** ASSIGNMENT **
Would you please repeat all of the data exactly, omitting the pictures?

━━ SUPPLIED INFORMATION

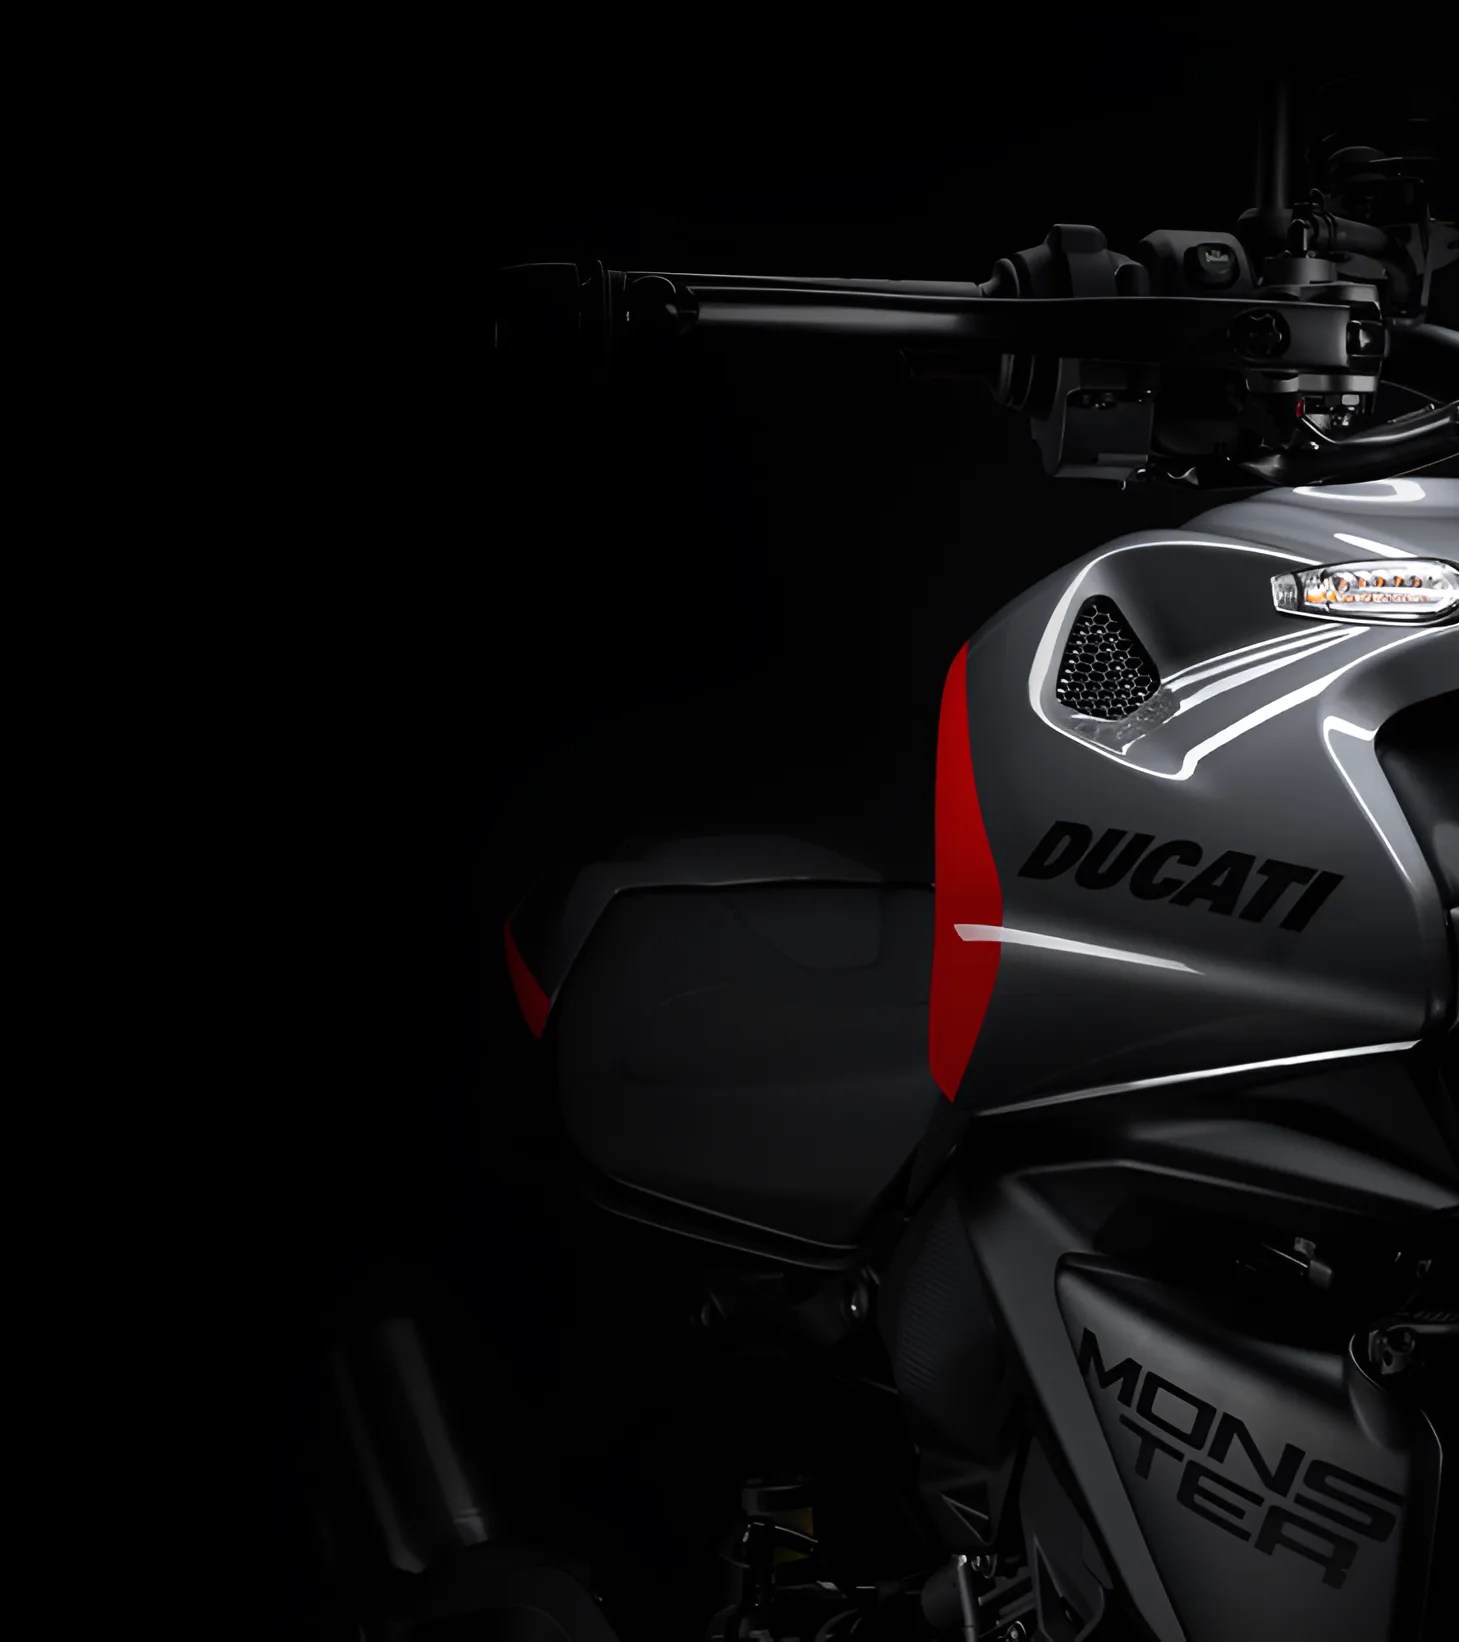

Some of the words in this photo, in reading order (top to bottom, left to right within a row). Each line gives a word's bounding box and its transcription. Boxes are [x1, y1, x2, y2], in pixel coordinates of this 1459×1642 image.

[1017, 820, 1345, 933] DUCATI
[1080, 1327, 1405, 1543] MONS
[1118, 1412, 1359, 1590] TER
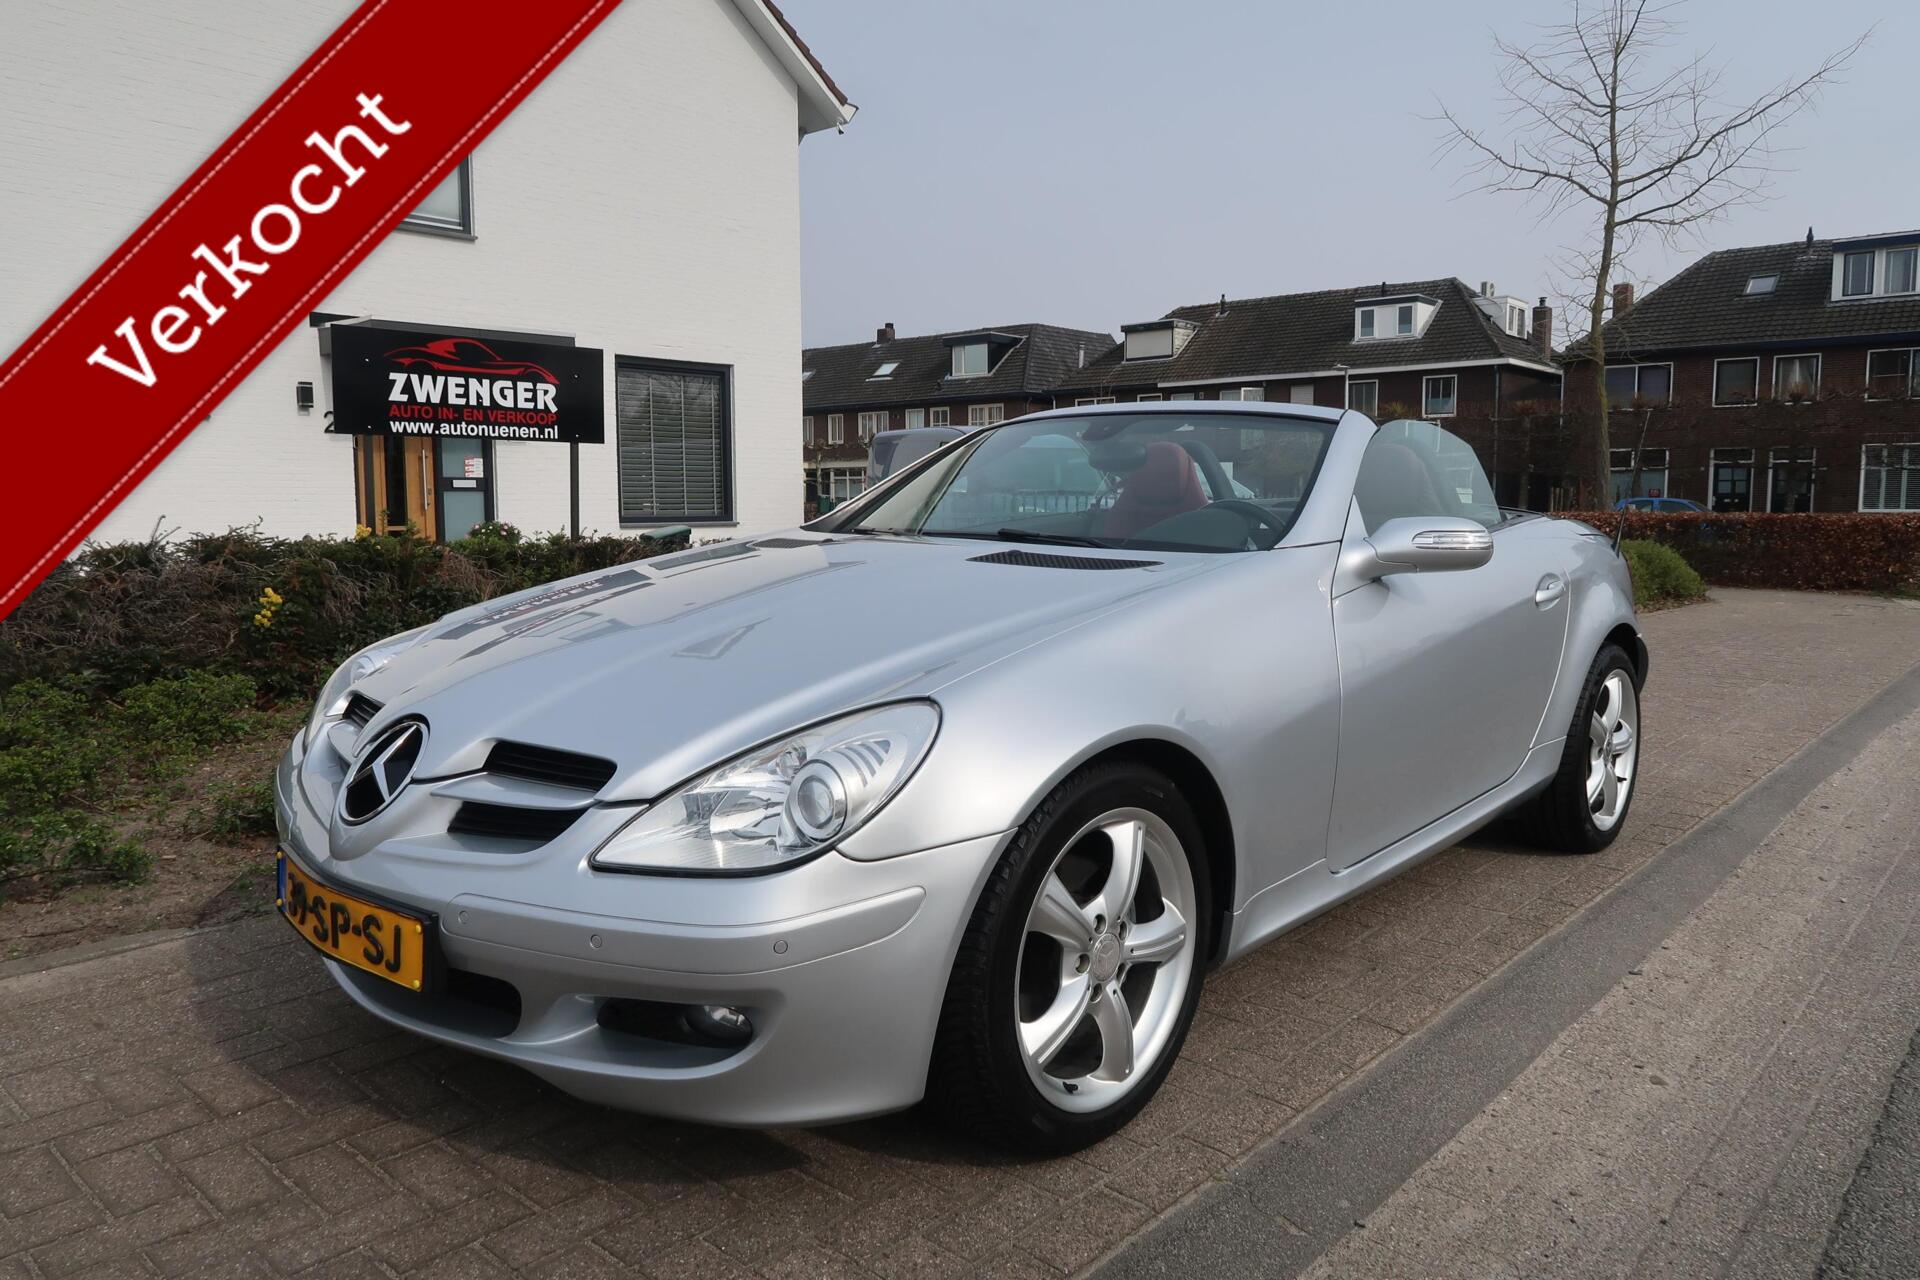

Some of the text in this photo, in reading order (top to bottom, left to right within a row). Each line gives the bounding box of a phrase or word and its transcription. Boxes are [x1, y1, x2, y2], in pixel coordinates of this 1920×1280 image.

[388, 372, 558, 414] ZWENGER
[389, 404, 557, 425] AUTO IN- EN VERKOOP
[389, 420, 559, 440] www.autonuenen.nl
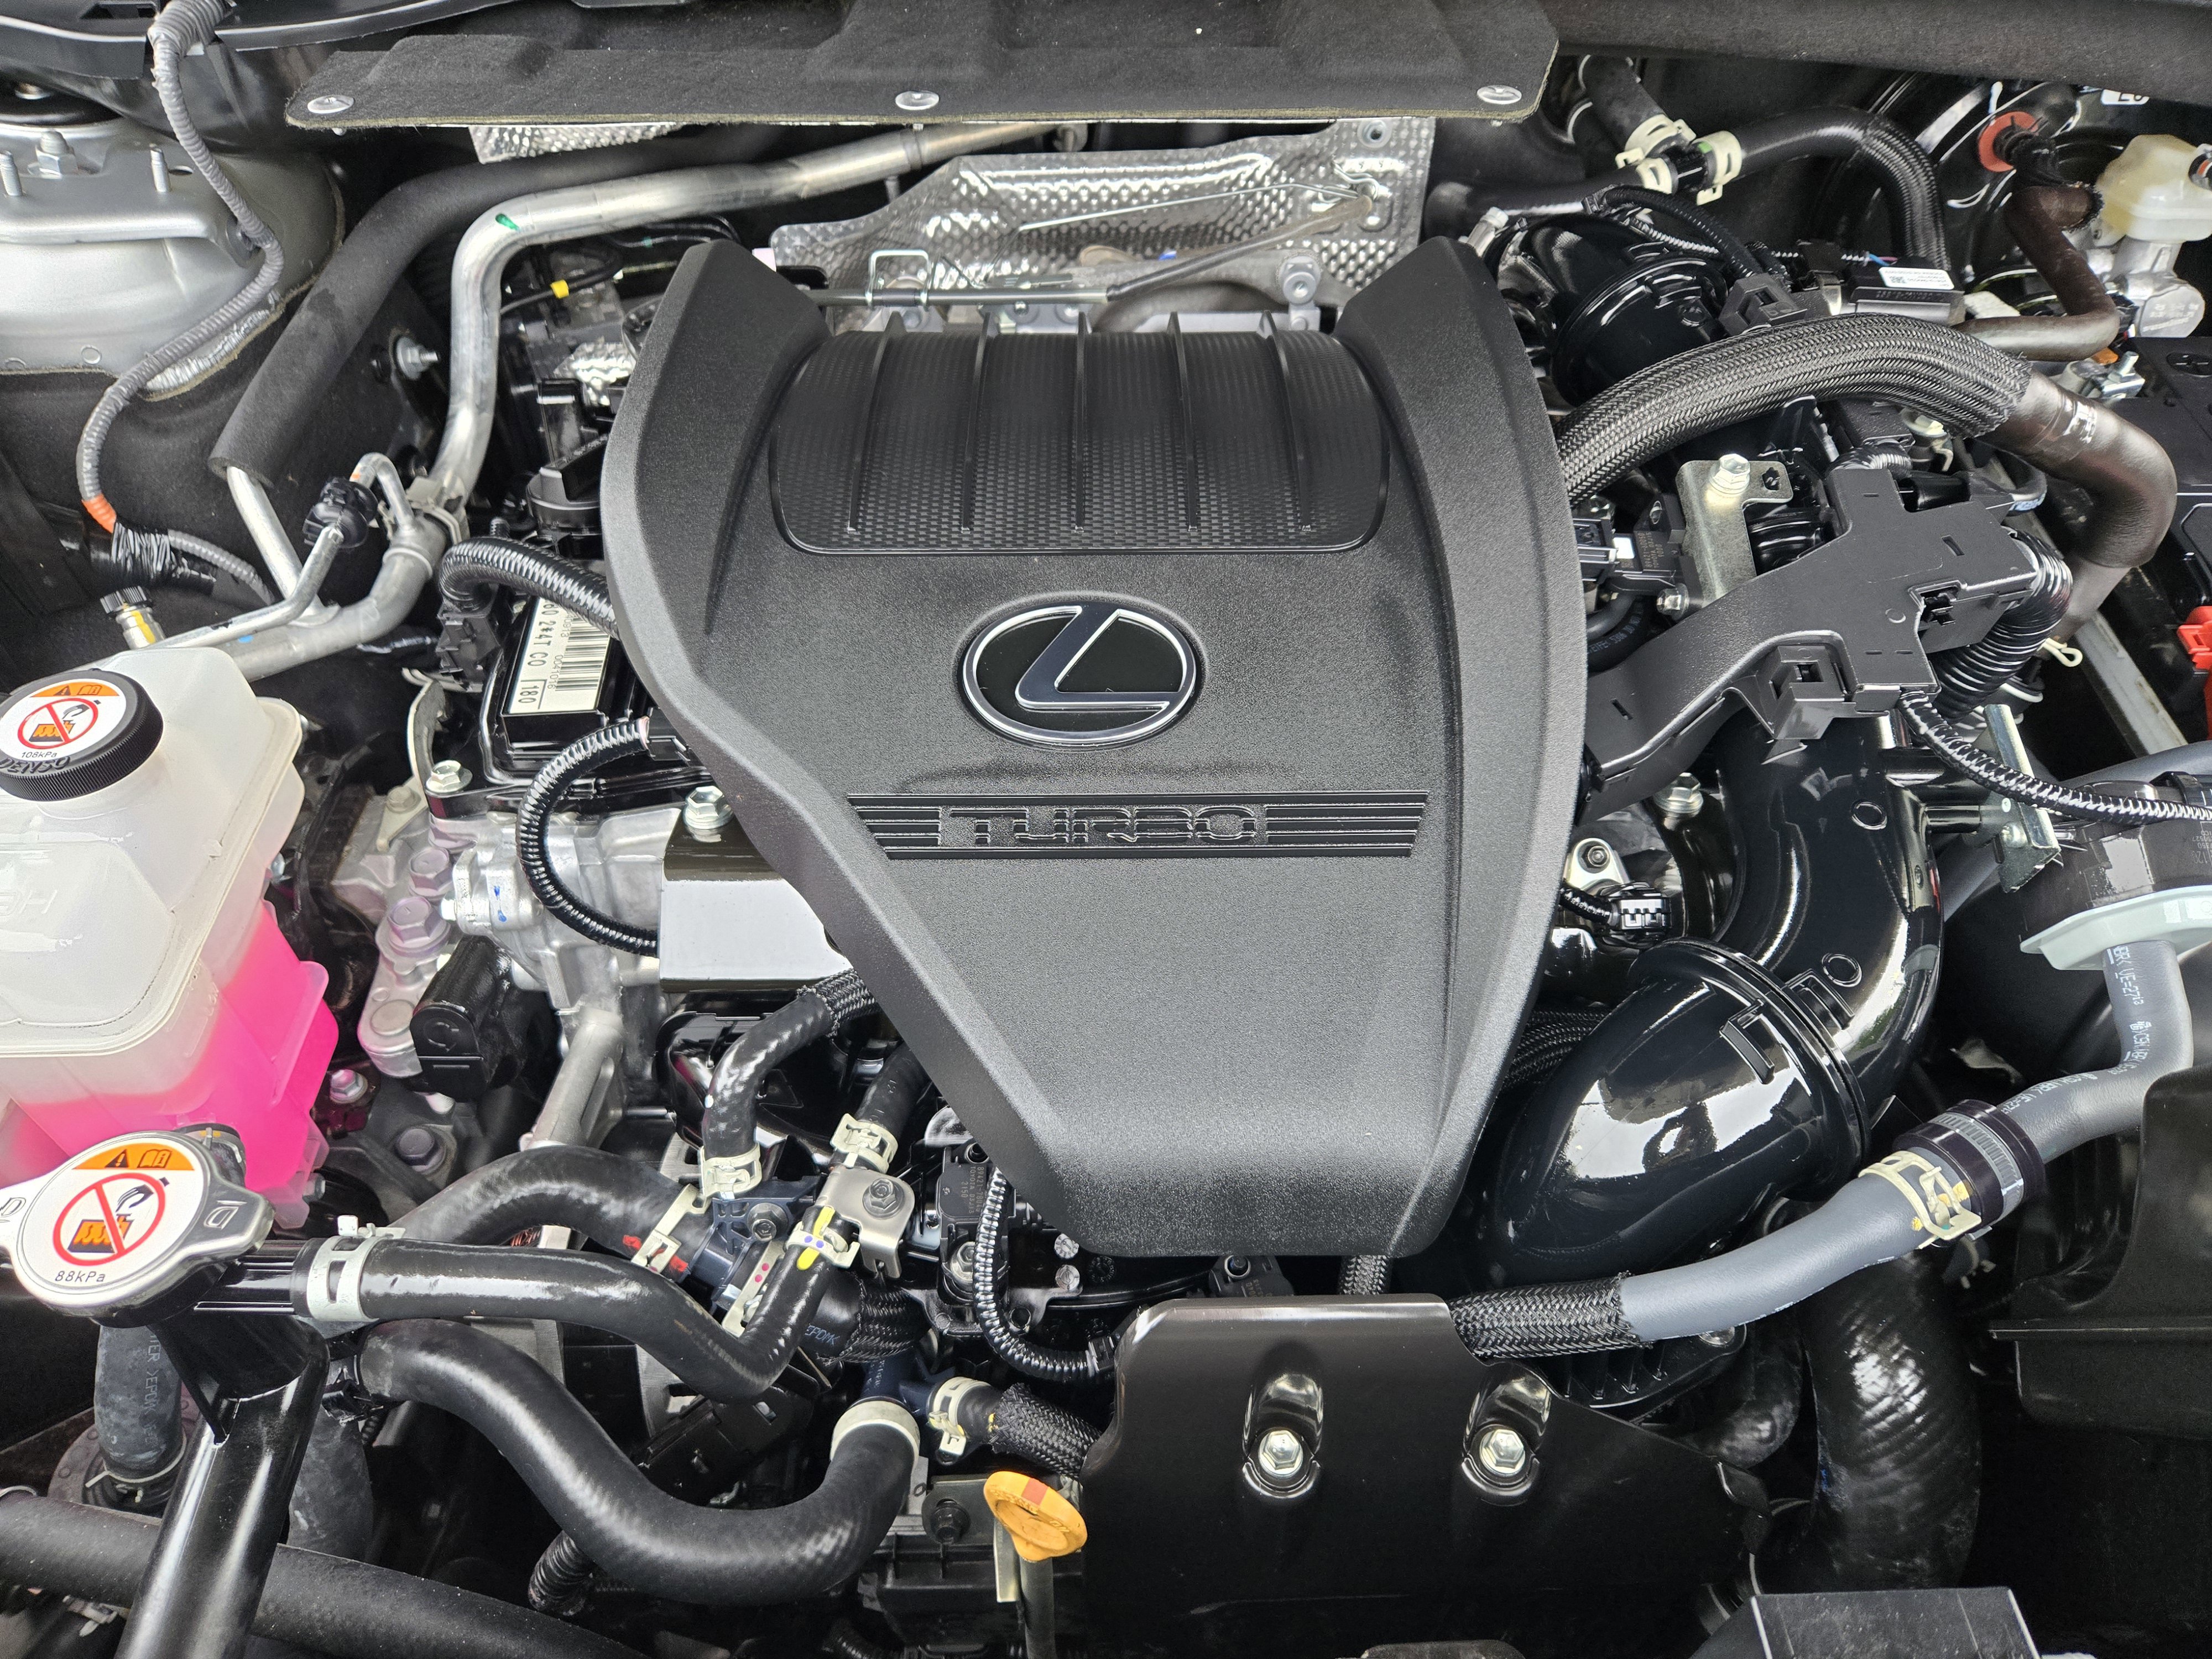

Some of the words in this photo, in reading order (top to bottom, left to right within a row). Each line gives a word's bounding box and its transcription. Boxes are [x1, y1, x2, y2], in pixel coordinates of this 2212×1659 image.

[518, 685, 540, 703] 180
[0, 756, 70, 774] DENSO
[950, 806, 1256, 844] TURBO
[54, 1270, 106, 1282] 88kPa

━━━━

** SOLUTION TO THIS EXERCISE **
Some of the words in this photo, in reading order (top to bottom, left to right within a row). Each line gives a word's bounding box and its transcription. Boxes are [x1, y1, x2, y2], in pixel coordinates of this 1459×1642 image.

[1017, 820, 1345, 933] DUCATI
[1080, 1327, 1405, 1543] MONS
[1118, 1412, 1359, 1590] TER

Some of the text in this photo, in reading order (top to bottom, left to right within a row). Each line gives the bounding box of a phrase or word and its transcription. Boxes are [x1, y1, x2, y2], in pixel coordinates of this 1920×1280 image.

[388, 372, 558, 414] ZWENGER
[389, 404, 557, 425] AUTO IN- EN VERKOOP
[389, 420, 559, 440] www.autonuenen.nl

Some of the words in this photo, in reading order (top to bottom, left to right within a row). Each line gives a word's bounding box and its transcription. Boxes are [x1, y1, x2, y2], in pixel coordinates of this 2212×1659 image.

[518, 685, 540, 703] 180
[0, 756, 70, 774] DENSO
[950, 806, 1256, 844] TURBO
[54, 1270, 106, 1282] 88kPa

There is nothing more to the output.